- Aim of the task -
Nothing but the pictures should be left out when the entries below are duplicated.

Material provided Block Start

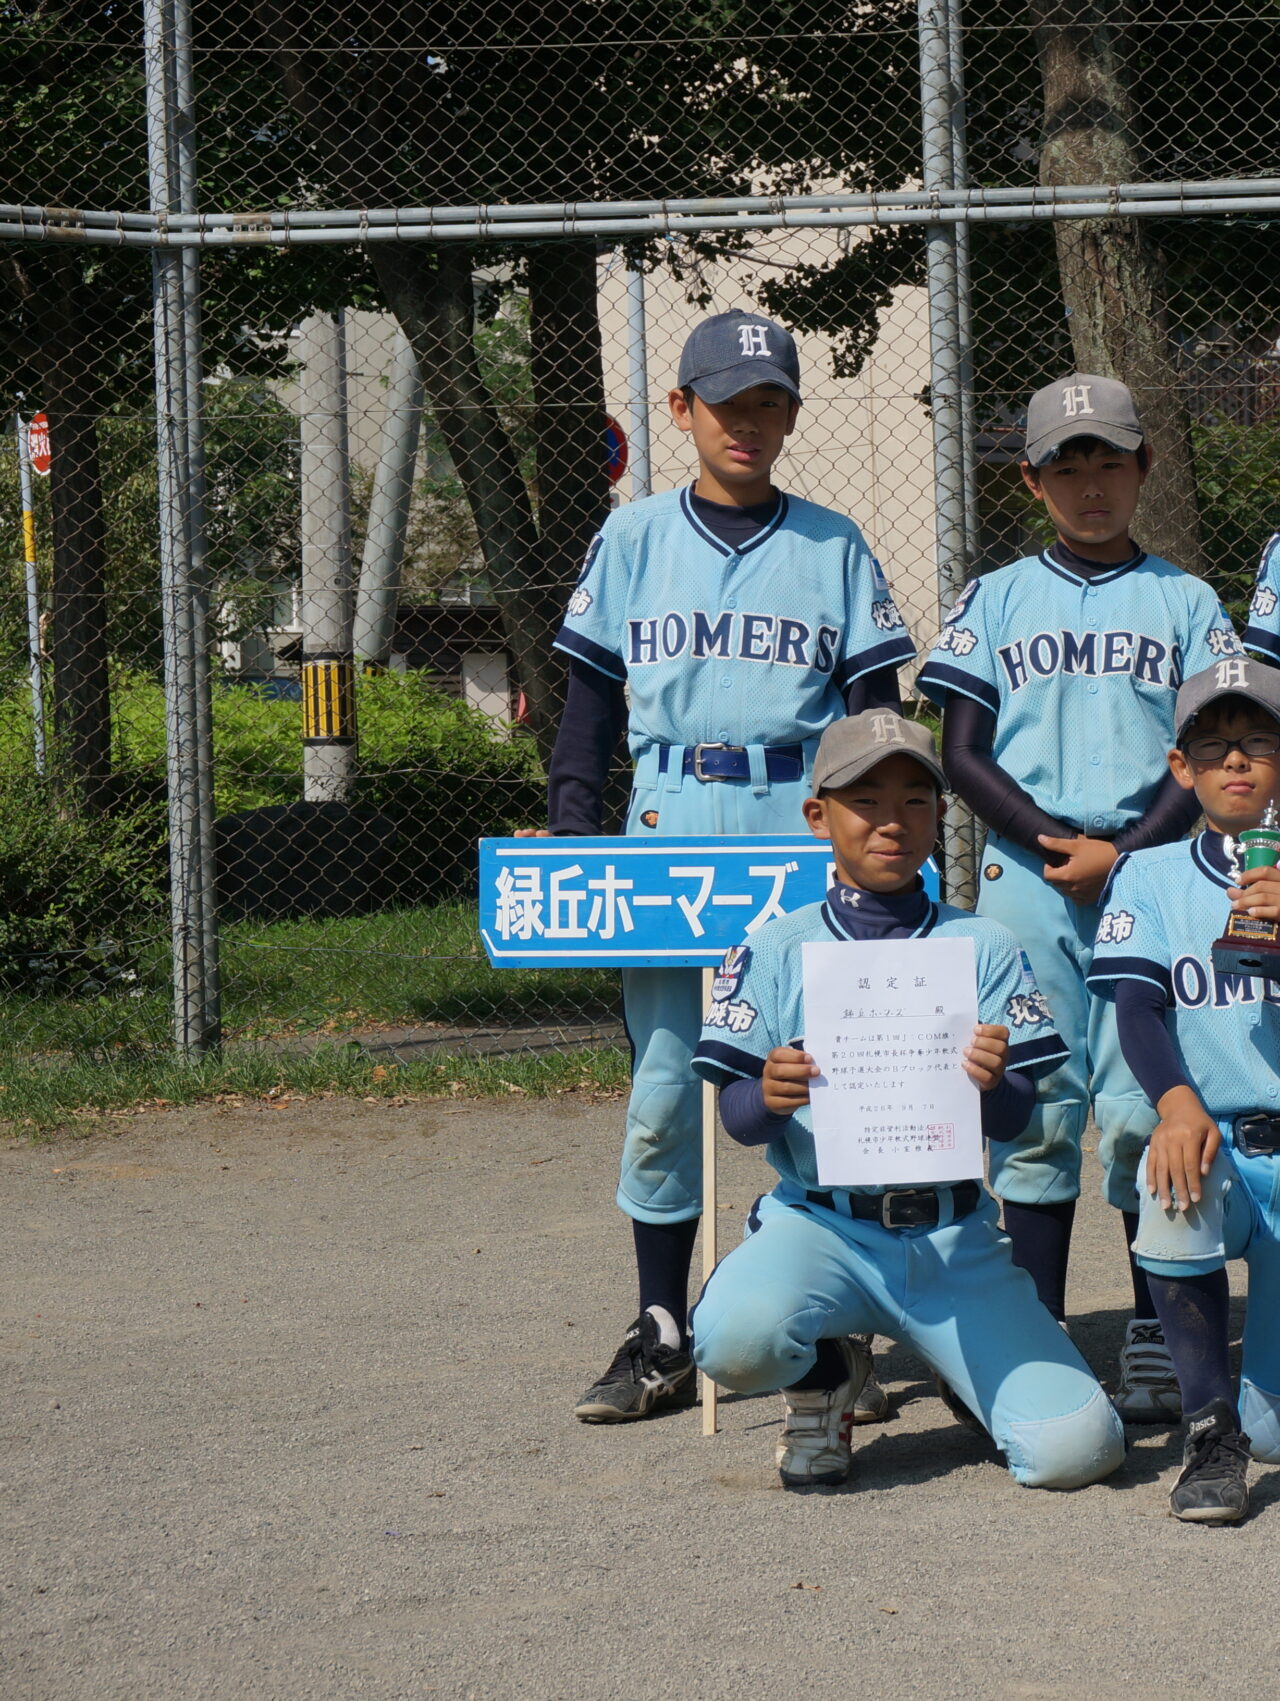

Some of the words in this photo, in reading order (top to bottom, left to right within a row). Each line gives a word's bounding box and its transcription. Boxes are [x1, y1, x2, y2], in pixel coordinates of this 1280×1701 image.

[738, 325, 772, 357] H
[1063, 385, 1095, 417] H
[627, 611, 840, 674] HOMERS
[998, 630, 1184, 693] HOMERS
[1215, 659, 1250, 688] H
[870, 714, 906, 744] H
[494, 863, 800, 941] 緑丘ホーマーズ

Material provided Block End

- Worked solution -
Some of the words in this photo, in reading order (top to bottom, left to right within a row). Each line gives a word's bounding box and its transcription. Boxes are [x1, y1, x2, y2], in pixel coordinates of this 1280×1701 image.

[738, 325, 772, 357] H
[1063, 385, 1095, 417] H
[627, 611, 840, 674] HOMERS
[998, 630, 1184, 693] HOMERS
[1215, 659, 1250, 688] H
[870, 714, 906, 744] H
[494, 863, 800, 941] 緑丘ホーマーズ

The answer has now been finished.